__TASK DATA__.
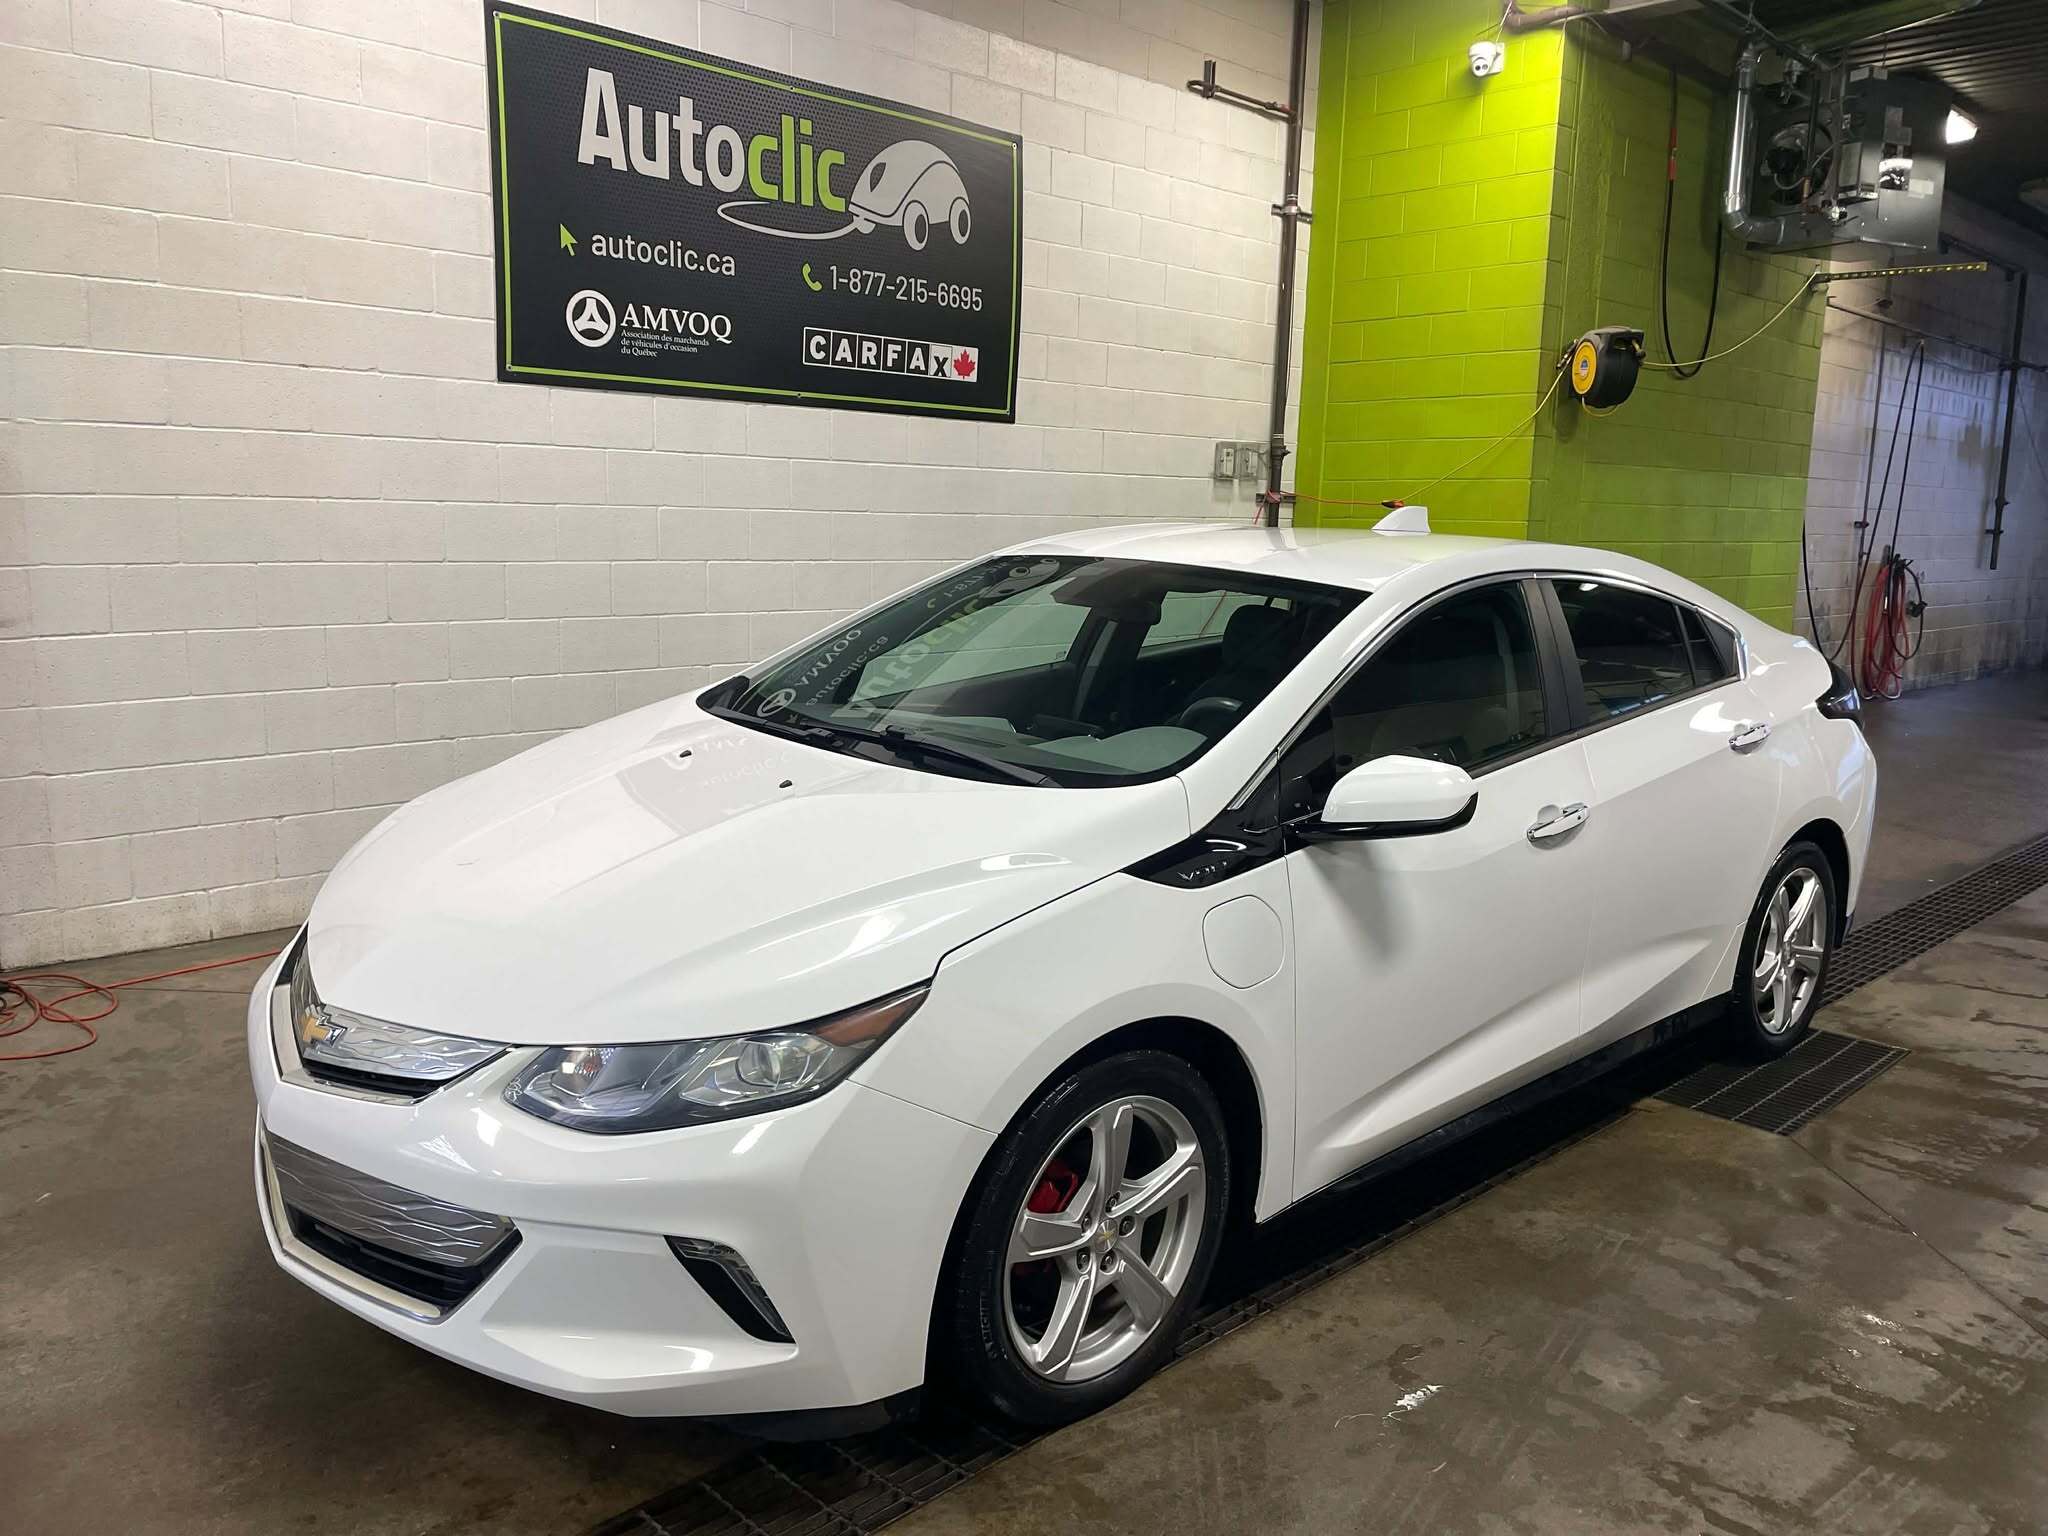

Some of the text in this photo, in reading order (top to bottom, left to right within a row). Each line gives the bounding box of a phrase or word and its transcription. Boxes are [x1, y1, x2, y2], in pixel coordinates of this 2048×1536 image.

[577, 67, 846, 213] Autoclic
[591, 232, 736, 277] autoclic.ca
[829, 265, 983, 312] 1-877-215-6695
[620, 303, 733, 345] AMVOQ
[620, 338, 630, 346] de
[631, 338, 663, 350] véhicules
[621, 329, 709, 346] Association des marchands
[620, 346, 658, 358] du Québec
[809, 335, 949, 378] CARFAX
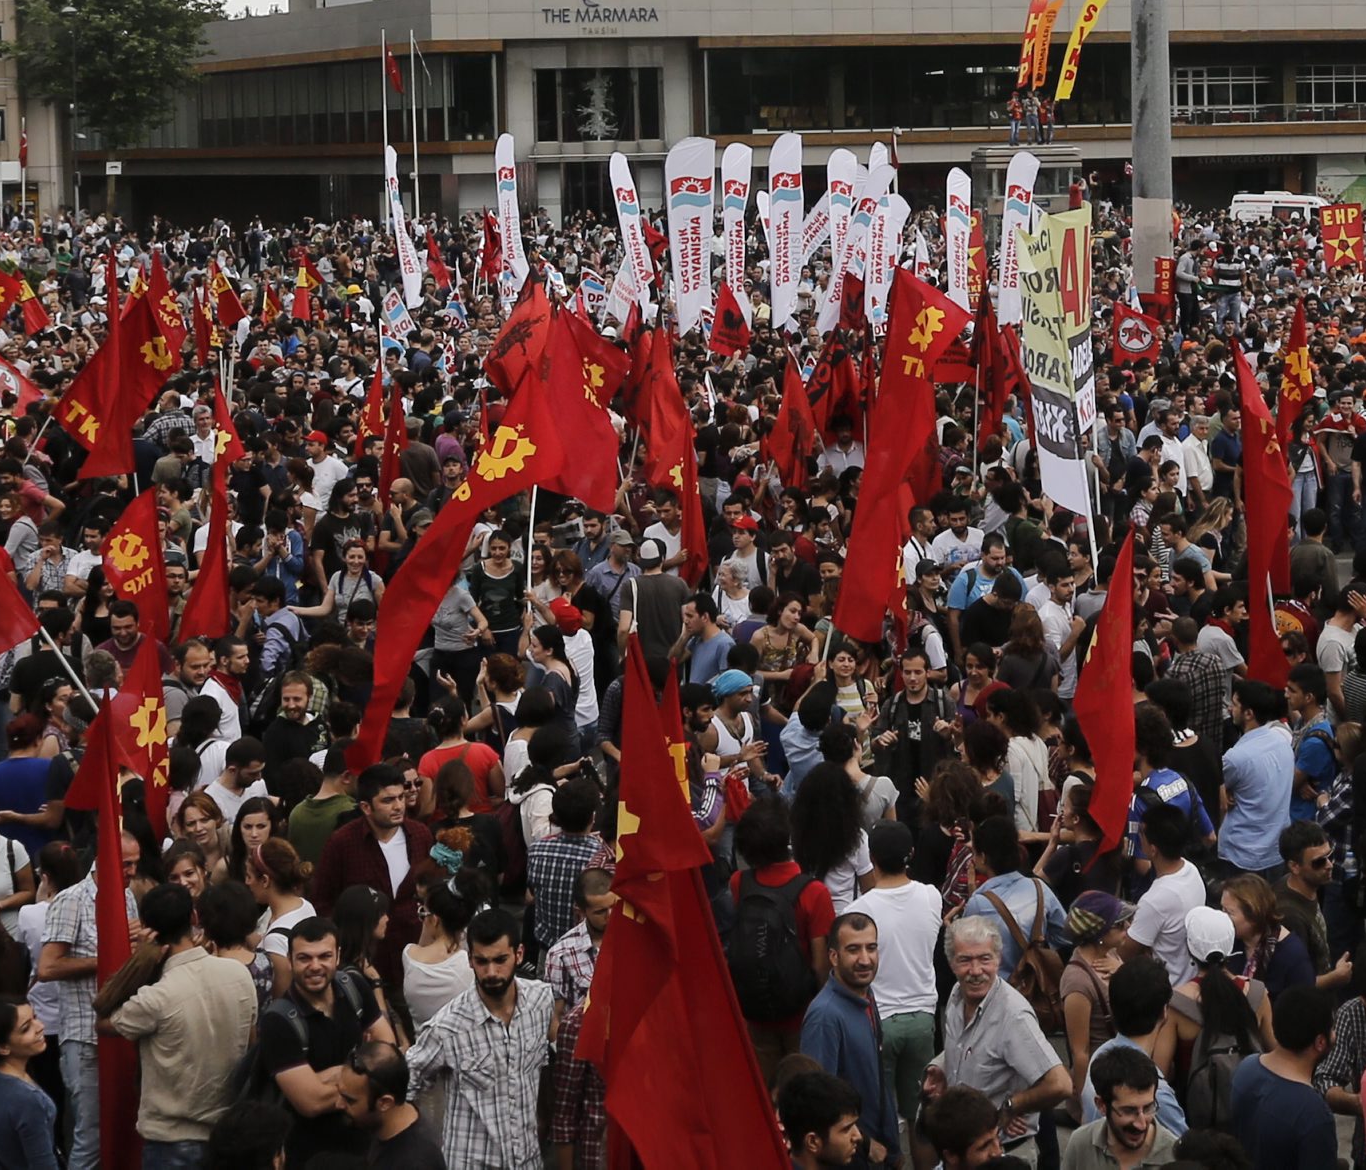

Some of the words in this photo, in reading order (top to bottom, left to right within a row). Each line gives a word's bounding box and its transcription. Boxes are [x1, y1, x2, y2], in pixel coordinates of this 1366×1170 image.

[541, 8, 571, 23] THE
[575, 7, 659, 23] MARMARA
[1197, 156, 1255, 165] STARUCKS
[1322, 207, 1359, 226] EHP
[158, 308, 181, 328] TKP
[65, 399, 101, 444] TK
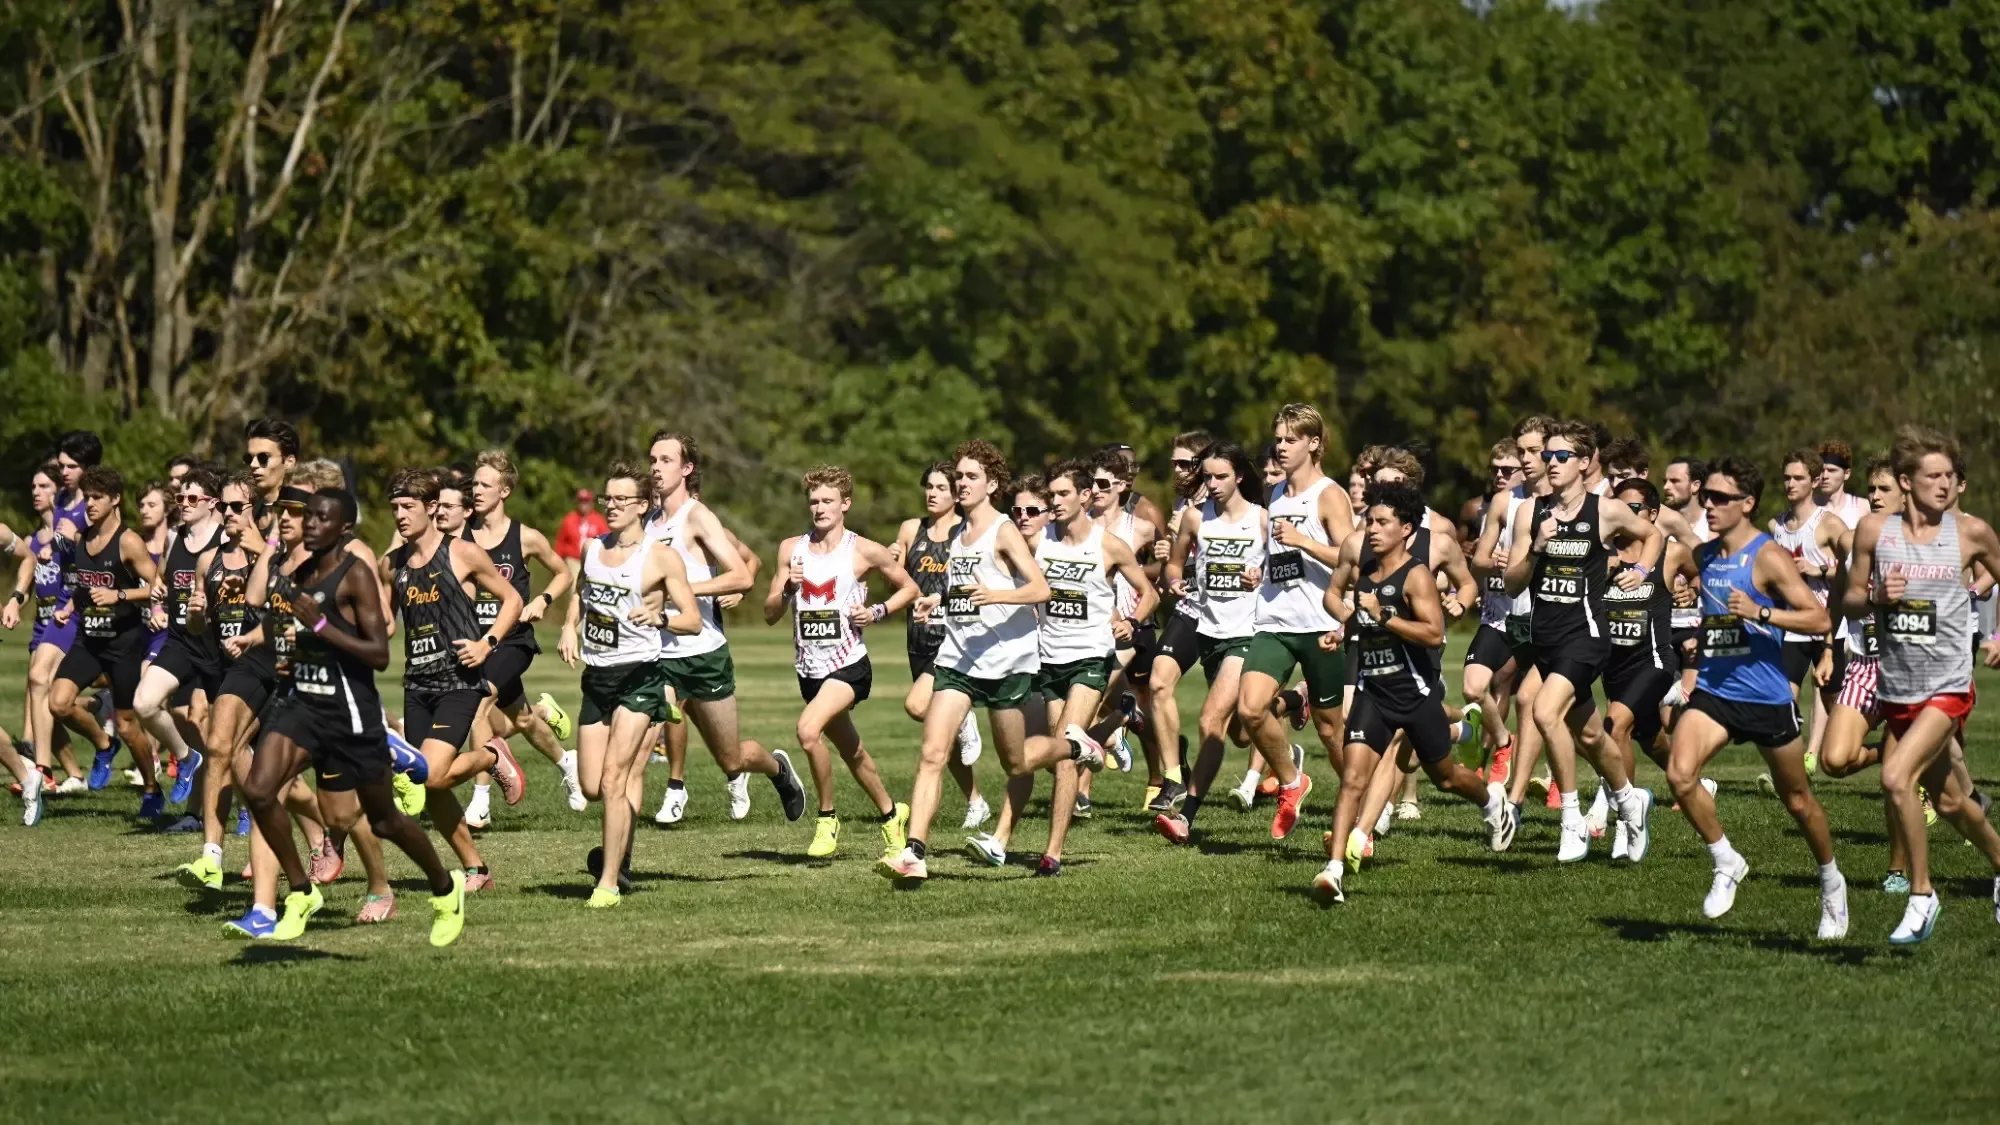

__EXERCISE__.
For this exercise, retype the listing above word for word and omit the pictures.

__RESPONSE TO THE EXERCISE__.
Some of the text in this photo, in reading order (top to bottom, left to right within a row). Each line gives the bounding box of a phrase or word and its transcription. Boxes are [x1, y1, x2, y2], in pixel coordinates of this 2048×1536 image.

[577, 67, 846, 213] Autoclic
[591, 232, 736, 277] autoclic.ca
[829, 265, 983, 312] 1-877-215-6695
[620, 303, 733, 345] AMVOQ
[620, 338, 630, 346] de
[631, 338, 663, 350] véhicules
[621, 329, 709, 346] Association des marchands
[620, 346, 658, 358] du Québec
[809, 335, 949, 378] CARFAX

Some of the words in this photo, in reading order (top to bottom, left to right within a row). Each line gives a word's bounding box and its transcription. Boxes are [x1, y1, x2, y2], in pixel coordinates of this 1366×1170 image.

[541, 8, 571, 23] THE
[575, 7, 659, 23] MARMARA
[1197, 156, 1255, 165] STARUCKS
[1322, 207, 1359, 226] EHP
[158, 308, 181, 328] TKP
[65, 399, 101, 444] TK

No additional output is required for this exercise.